The miniseason drags on…with the episode “Whatever It Takes”, which begins with Jason Johns of Alabama. Now, unlike the vast majority of folks profiled on this show, Jason has had actual real-world experience with a life-or-death survival adventure—at age 19 he got lost in the woods. They don’t really go into much detail about how he got out alive and didn’t freeze to death (exposure being THE number one killer in survival incidents), which would’ve been interesting to hear, seeing how he says he only had a knife and a lighter and it was freezing rain!
Anyway, now “almost 20 years later”, he and his eighteen-year-old son Jacob are determined to be “prepared for a solar flare and the civil unrest that follows.”
© NatGeo/Sharp EntertainmentSo, after the usual brief primer on solar flares (and that big one in the 19th century that set the telegraph wires on fire), we hear Jason recite the usual ‘for all its greatness our world is so fragile, if people didn’t have the Juice, they couldn’t get food blahblah’ mantra. And then Jason comes to the part that really freaks me out: “…after two months, people like me will be left, and that’ll be our chance where we get to rebuild society”. *eyetwitch*. And I’m sure they’ll do it the same way that got us to where we are now—by being fruitful and multiplying as soon as possible, because the Earth was made for Man to abuse as he sees fit, ecology be damned!, right?
“The worst part of it is this,” I said, “that the survivors, if there are any, will immediately set about doing it all over again, exactly the same way”, replicating (“rebuilding”) the only world they’ve ever known, not recognizing its inherent unsustainability.

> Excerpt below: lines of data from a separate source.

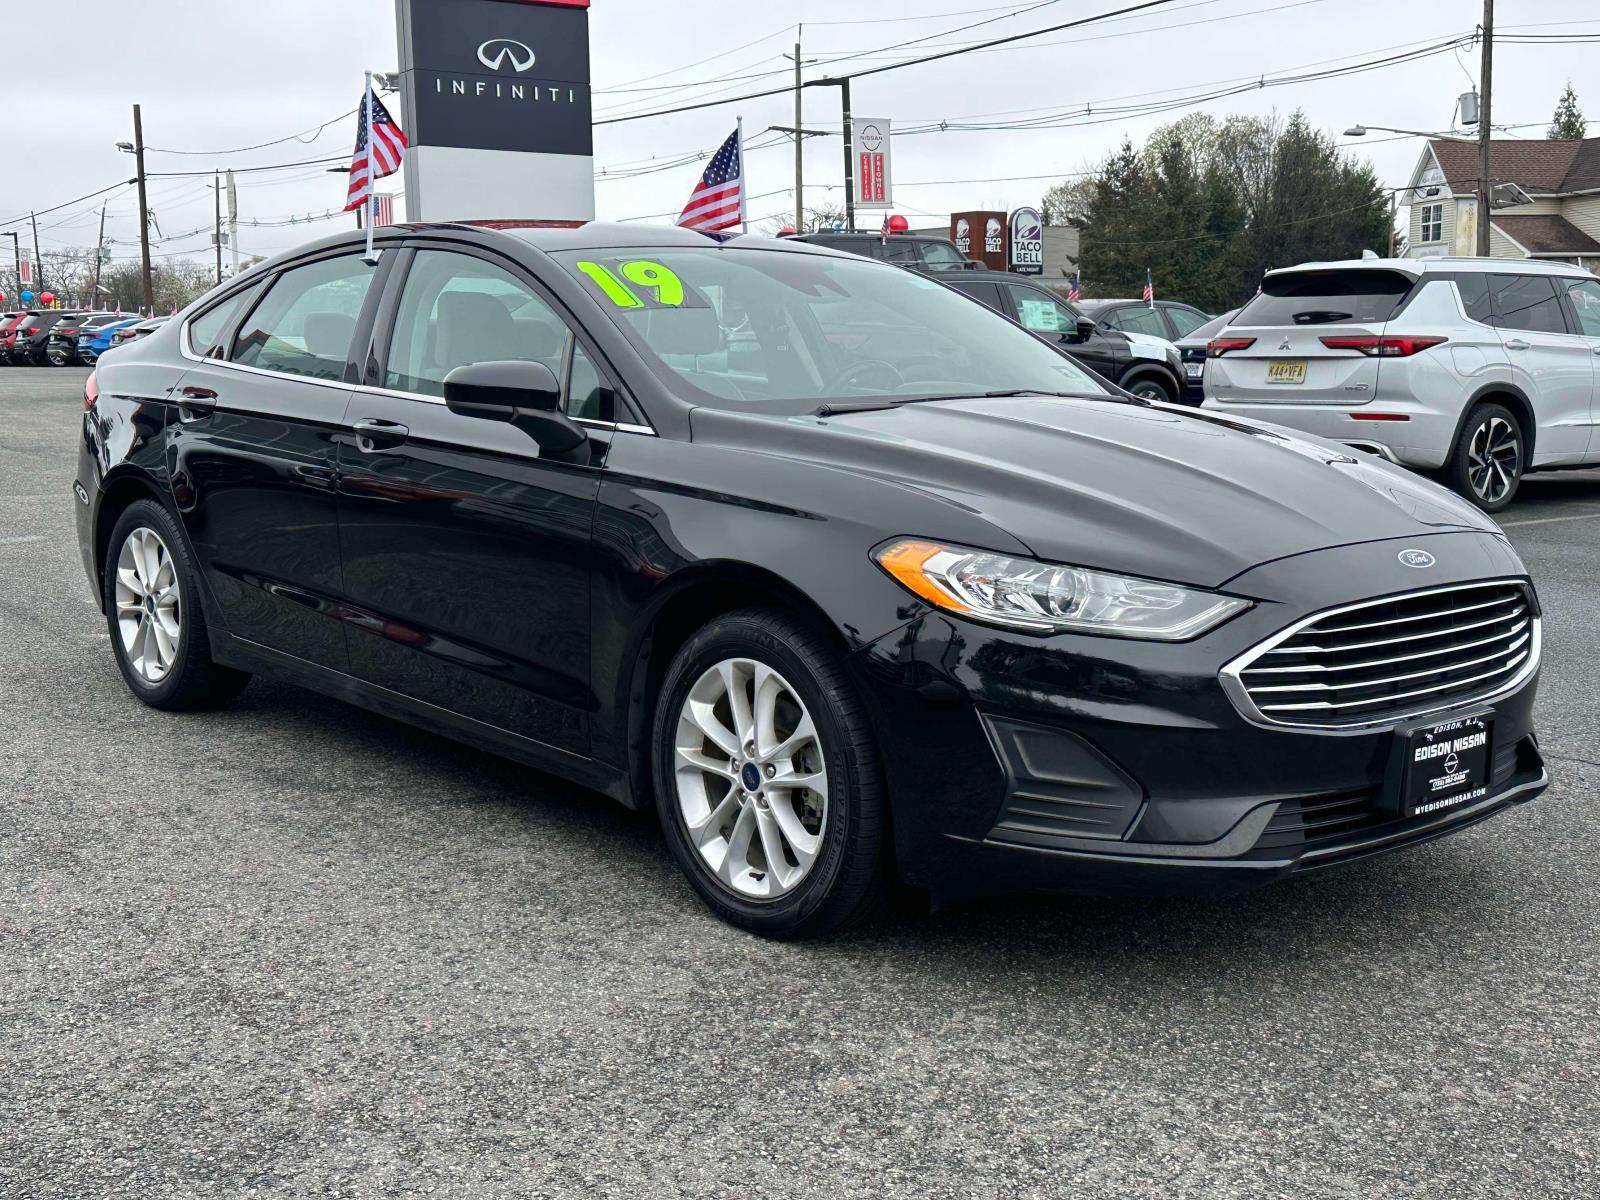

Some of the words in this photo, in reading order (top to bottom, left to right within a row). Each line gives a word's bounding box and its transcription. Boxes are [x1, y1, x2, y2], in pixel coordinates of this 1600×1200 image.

[436, 78, 573, 102] INFINITI
[985, 237, 1001, 245] TACO
[1014, 241, 1041, 252] TACO
[986, 245, 1001, 253] BELL
[1016, 253, 1041, 263] BELL
[576, 261, 684, 308] 19
[1407, 553, 1428, 564] Ford
[1415, 741, 1451, 762] EDISON
[1453, 732, 1486, 752] NISSAN
[1415, 788, 1486, 815] MYEDISONNISSAN.COM

So…apparently Jason has 1,000 meals stored? I dunno, looks like a whole lotta ramen to me. Seriously, the cardboard it’s packaged in has more nutritional value! Ramen can be fine survival food—it helped me survive college (rimshot!)—but you can’t rely on it solely; don’t think of it as the main course. It works best as a meal supplement, something to stretch the healthy survival rations you’ve already got: make a big pot of stew, and then throw a half-brick of ramen in everybody’s bowl. Yummm!

When the narrator tells us that Jason constantly “preaches the gospel of preparedness to his son”,  that should really read, “evangelizes the gospel of his model of preparedness to his son”.

They go on a field trip to the local junkyard for lead wheel weights—because “when the solar flare goes down, with abandoned cars these’ll be everywhere.” Yeah, except that lead wheel weights already are everywhere. Travel by foot or bike instead of car for once, and you’ll see them at intersections, in the gutter, everywhere. Do a good deed and pick them up, and maybe spread less birth defects through the water system (lead is, after all, just really depleted uranium).

But I can’t really see ol’ Jason picking up environmental contaminants off the road out of the goodness of his earth-loving heart, because after melting down the weights, we see him spoon out the ‘impurities’ (which are all naturally coated with molten lead) and just throw them out on the ground. Well, that’s just lovely—sloppy and disrespectful!
*For future reference, when melting wheel weights, drop a bit of beeswax into your crucible to attract the impurities, and then skim them off for use them in something that doesn’t require perfect lead—like a round ball for a blackpowder rifle. As for the steel clips that attached the weights to the wheel’s rim, just pick them out (the lead will come off), and take them to your local recycling center.
(And one final note—while the caption informs us that one should only melt lead in a well-ventilated area, smelting outdoors can still be dangerous. The first time I melted down a batch of wheel weights outdoors, I spent the afternoon hovering over the crucible instead of sitting back and watching from a distance. Not only did I have the smell of molten heavy metals in my nose for two days, but I wound up with a killer headache that rivaled the worst hangover ever.)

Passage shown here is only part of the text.